In [None]:
import warnings
warnings.filterwarnings('ignore')
import pandas as pd
import numpy as np
import dask.dataframe as dd
pd.set_option('display.max_columns', 500)
pd.set_option('display.max_rows', 500)
import matplotlib.pyplot as plt
import lightgbm as lgb
import statsmodels.api as sm
import matplotlib.pyplot as pyplot
from sklearn import preprocessing, metrics
import pickle
import gc
import os
for dirname, _, filenames in os.walk('/kaggle/input'):
    for filename in filenames:
        print(os.path.join(dirname, filename))
        
from sklearn.model_selection import train_test_split
import datetime
import random
import warnings

## Permutation test
This test can be used to determine whether feature is important for the model or not. 
This could be achieved by random permutation of feature. Main idea here - if model predicts well with permuted feature values, it means that feature is not important. 

But there are two problems here:

First - as permutation is RANDOM, there could be luck and model could stil predicts well after permutation even if feature is importand and so we could throw away important feature.

Second - by whitch amount score should decline to say that feature is not important?  

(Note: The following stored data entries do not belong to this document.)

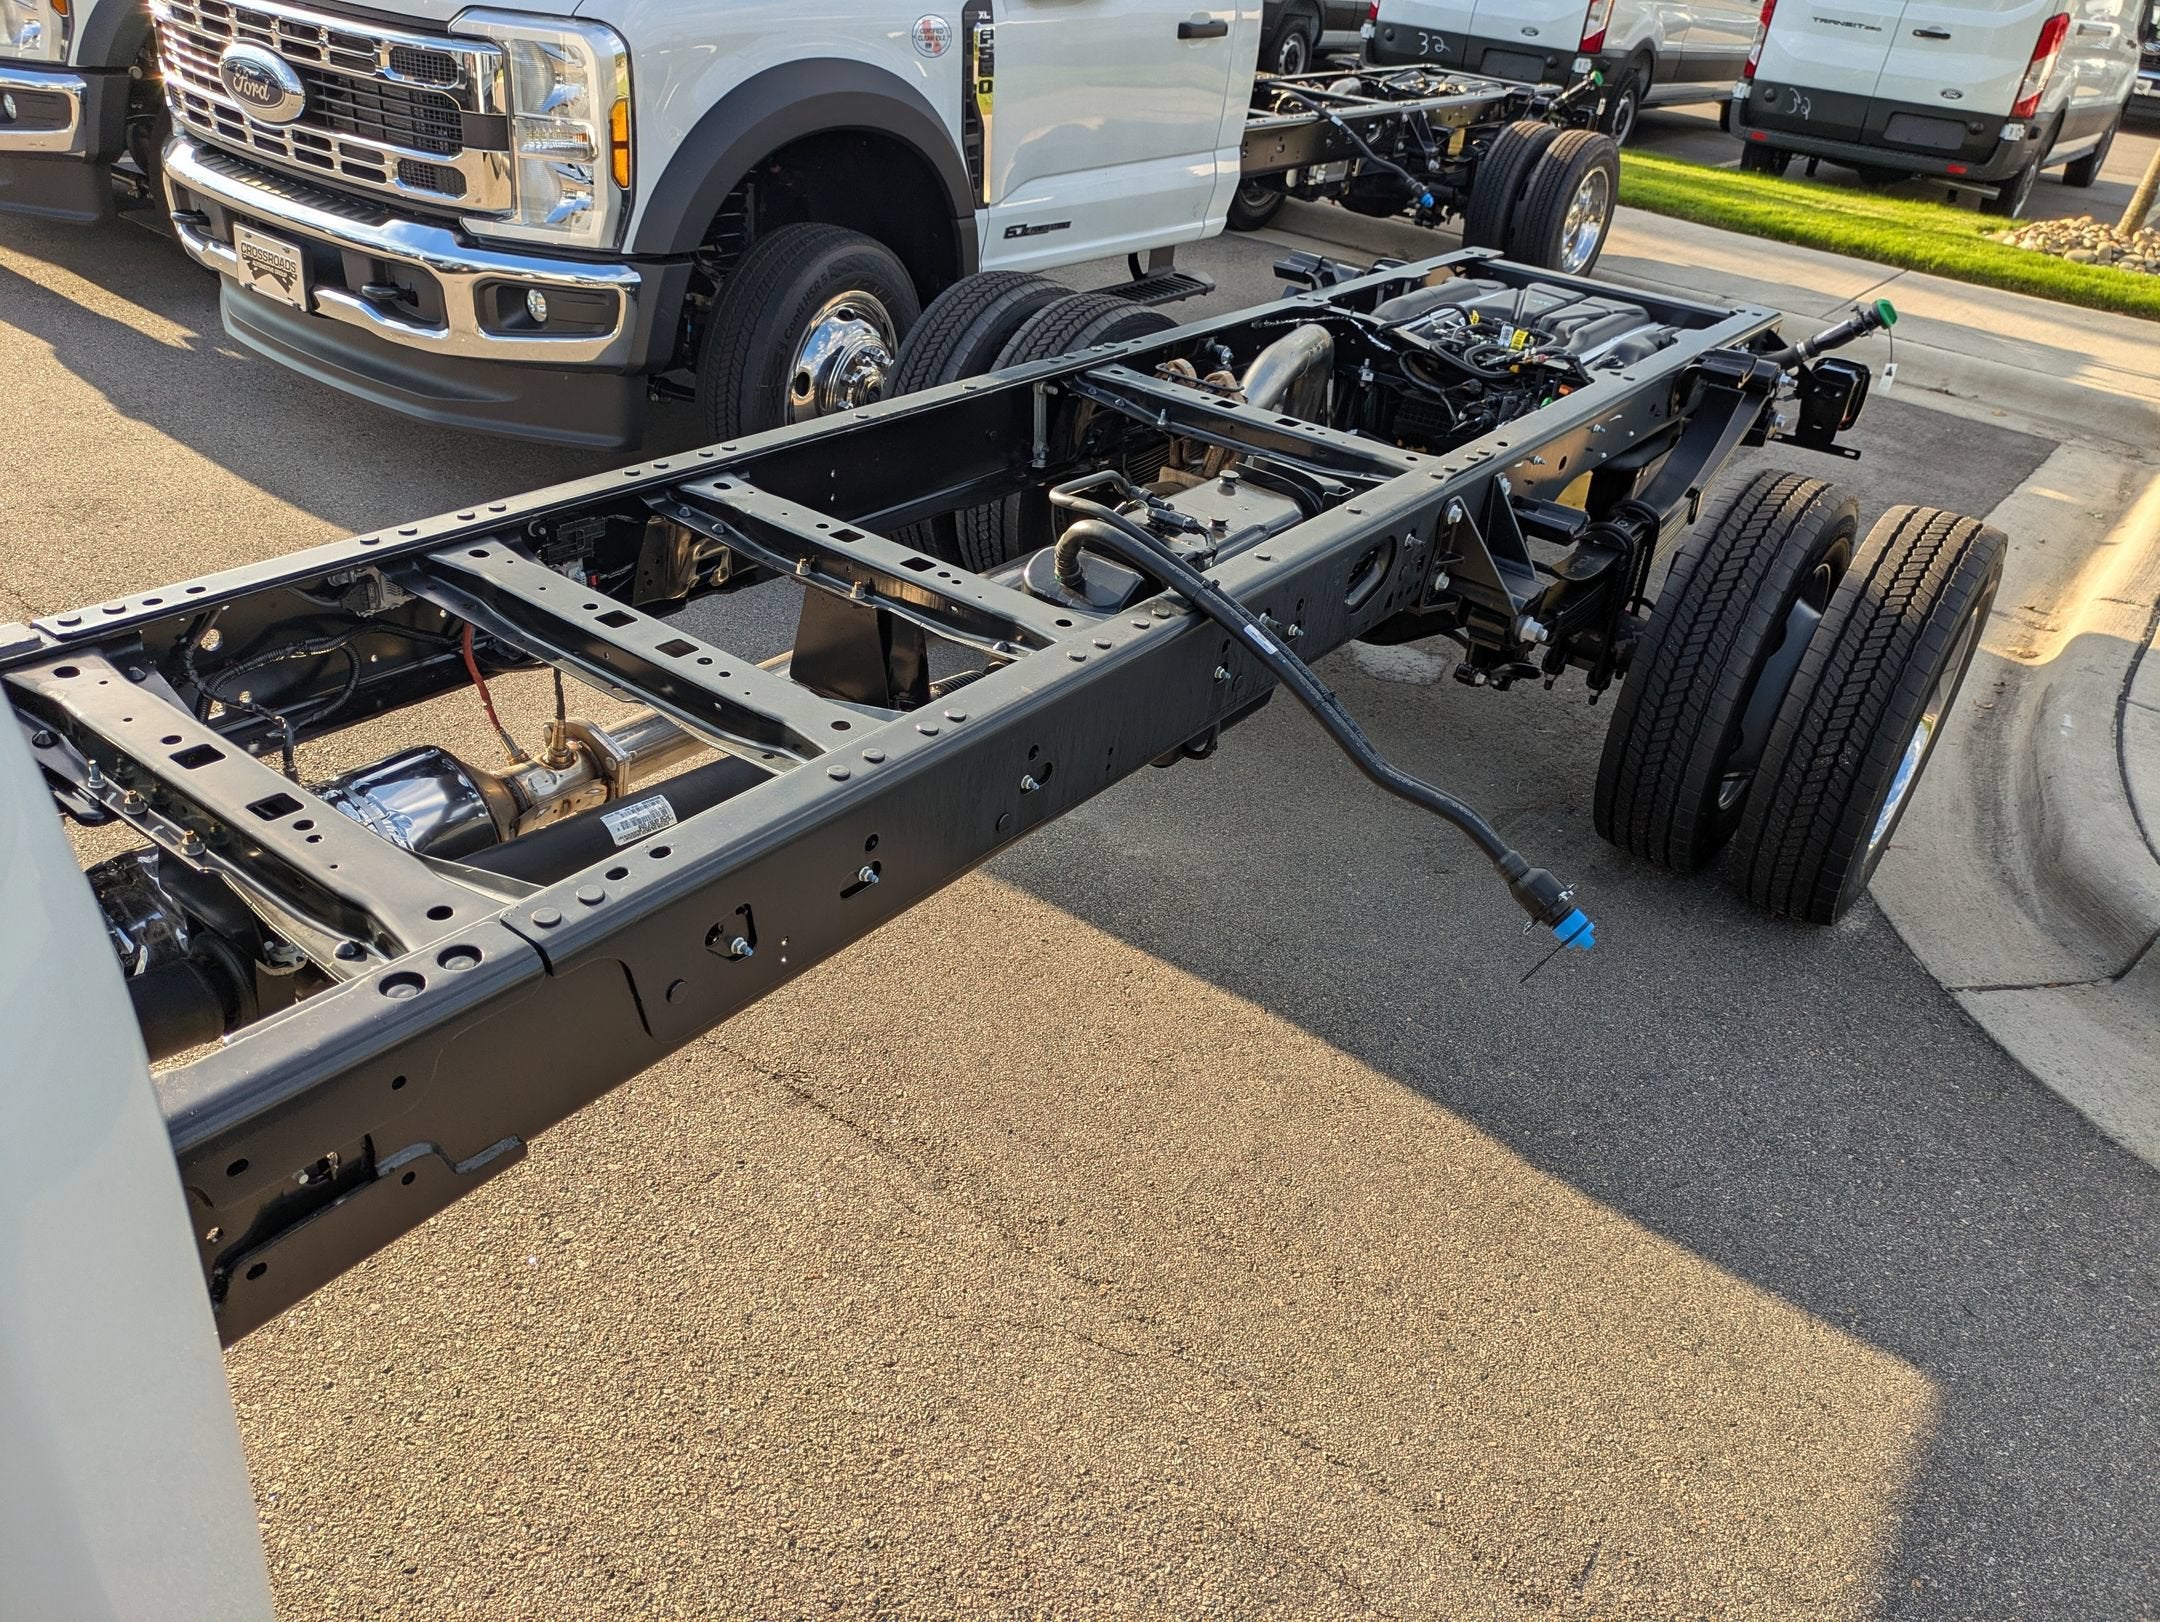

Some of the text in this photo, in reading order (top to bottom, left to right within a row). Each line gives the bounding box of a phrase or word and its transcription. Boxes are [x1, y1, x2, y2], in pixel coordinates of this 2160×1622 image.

[978, 10, 991, 20] XL
[1812, 16, 1865, 29] TRANSIT
[1418, 32, 1451, 56] 32
[233, 72, 270, 101] Ford
[240, 242, 297, 273] CROSSROADS

This questions could be adressed by using Statcistics.

## Wilcoxon test
The Wilcoxon signed-rank test is a non-parametric statistical hypothesis test used to compare two related samples, matched samples, or repeated measurements on a single sample to assess whether their population mean ranks differ (i.e. it is a paired difference test).A Wilcoxon signed-rank test is a nonparametric test that can be used to determine whether two dependent samples were selected from populations having the same distribution.

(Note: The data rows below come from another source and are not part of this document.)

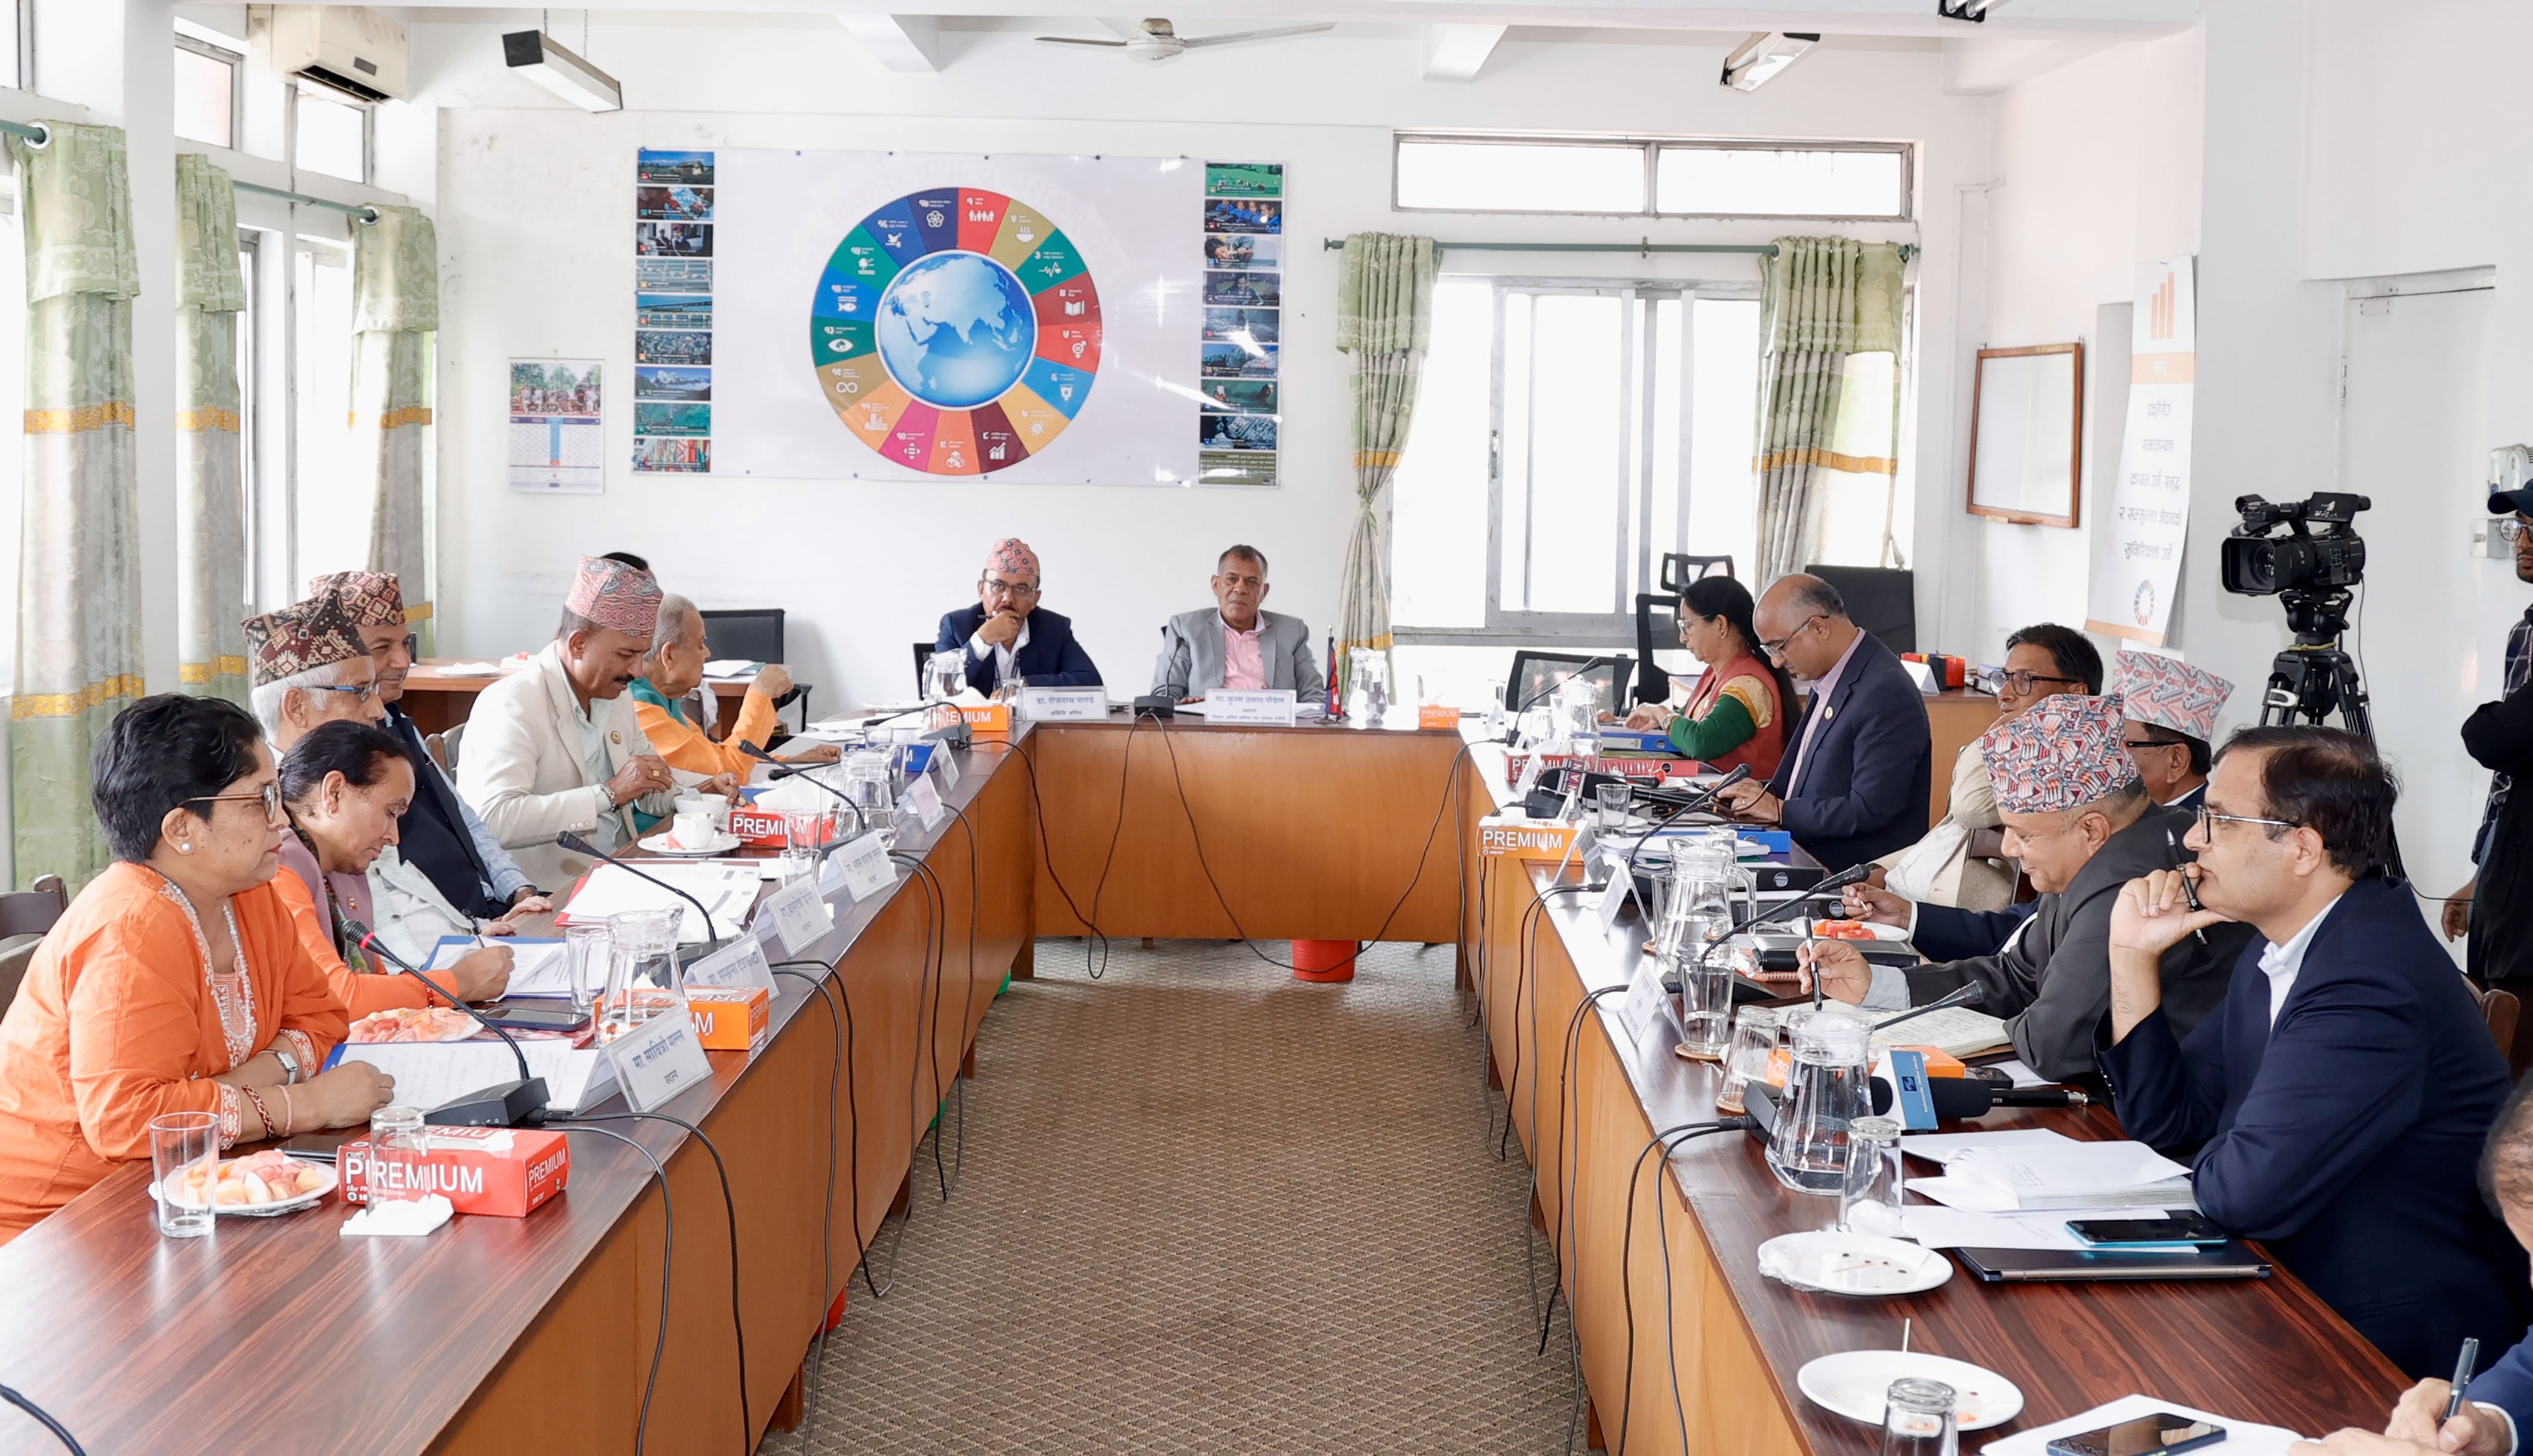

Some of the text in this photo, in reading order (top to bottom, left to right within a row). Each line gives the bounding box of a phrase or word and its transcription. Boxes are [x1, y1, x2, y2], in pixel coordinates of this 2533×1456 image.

[2119, 506, 2125, 519] र
[1421, 708, 1457, 717] PREMIUM
[1483, 830, 1562, 849] PREMIUM
[632, 1054, 647, 1069] मा.
[528, 1147, 566, 1188] PREMIUM

Another words, we could use this test to determine whether resulted score after permutation is statisticaly the same as before? If same - the feature is not important, if differ - the feature is important!

To proceed with this test we need at least 20 samples (scores) before permutation and 20 scores after permutation.
This could be achieved by random sampling from the predicted values by model, so we will use ShuffleSplit from sklearn to avhieve it

## Overfitting features

Another problem in feature selection - there could feture that is important for the train part of the data but not important for the test part - it's because based on this feature model is overfiting on the thain part. The combination of Permutation-Wilcoxon test could by used here to determine such features

In [None]:
## All features for the model and all this features we will tested

MODEL_FEATURES = ['item_id', 'dept_id', 'cat_id', 'store_id', 'state_id', 'event_name_1',
       'event_type_1', 'event_name_2', 'event_type_2', 'snap_CA', 'snap_TX',
       'snap_WI', 'sell_price', 'year', 'quarter', 'month', 'week', 'day',
       'dayofweek', 'dayofyear', 'weekday', 'weekofyear', 'is_weekend',
       'lag_28', 'lag_29', 'lag_30', 'lag_31', 'lag_32', 'lag_33', 'lag_34',
       'lag_35', 'lag_36', 'lag_37', 'lag_38', 'lag_39', 'lag_40',
       'rolling_mean_7', 'rolling_std_7', 'rolling_mean_14', 'rolling_std_14',
       'rolling_mean_30', 'rolling_std_30', 'rolling_mean_60',
       'rolling_std_60', 'rolling_mean_180', 'rolling_std_180',
       'rolling_mean_tmp_1_7', 'rolling_mean_tmp_1_14',
       'rolling_mean_tmp_1_30', 'rolling_mean_tmp_1_60',
       'rolling_mean_tmp_7_7', 'rolling_mean_tmp_7_14',
       'rolling_mean_tmp_7_30', 'rolling_mean_tmp_7_60',
       'rolling_mean_tmp_14_7', 'rolling_mean_tmp_14_14',
       'rolling_mean_tmp_14_30', 'rolling_mean_tmp_14_60', 'price_momentum',
       'price_momentum_m', 'price_momentum_y', 'lag_price_t1',
       'price_change_t1', 'rolling_price_max_t28', 'price_change_t28',
       'rolling_price_std_t7', 'diff_with_mean_price_by_cat',
       'diff_with_mean_price_by_dept', 'diff_with_mean_price_by_store',
       'diff_with_max_price_by_cat', 'diff_with_max_price_by_dept',
       'diff_with_max_price_by_store', 'diff_with_min_price_by_cat',
       'diff_with_min_price_by_dept', 'diff_with_min_price_by_store']

In [None]:
def get_base_test(pred=False):
    base_test = pd.DataFrame()
    
    if pred:
        name = '/kaggle/input/dark-magic-baseline/test_'
    else:
        name = '/kaggle/input/dark-magic-baseline/valid_'
    
    for store_id in STORES_IDS:
        temp_df = pd.read_pickle(name+str(store_id)+'.pkl')
        temp_df['store_id'] = store_id
        base_test = pd.concat([base_test, temp_df]).reset_index(drop=True)
    
    return base_test

In [None]:
def rmse(preds, true):
    return np.sqrt(metrics.mean_squared_error(preds, true))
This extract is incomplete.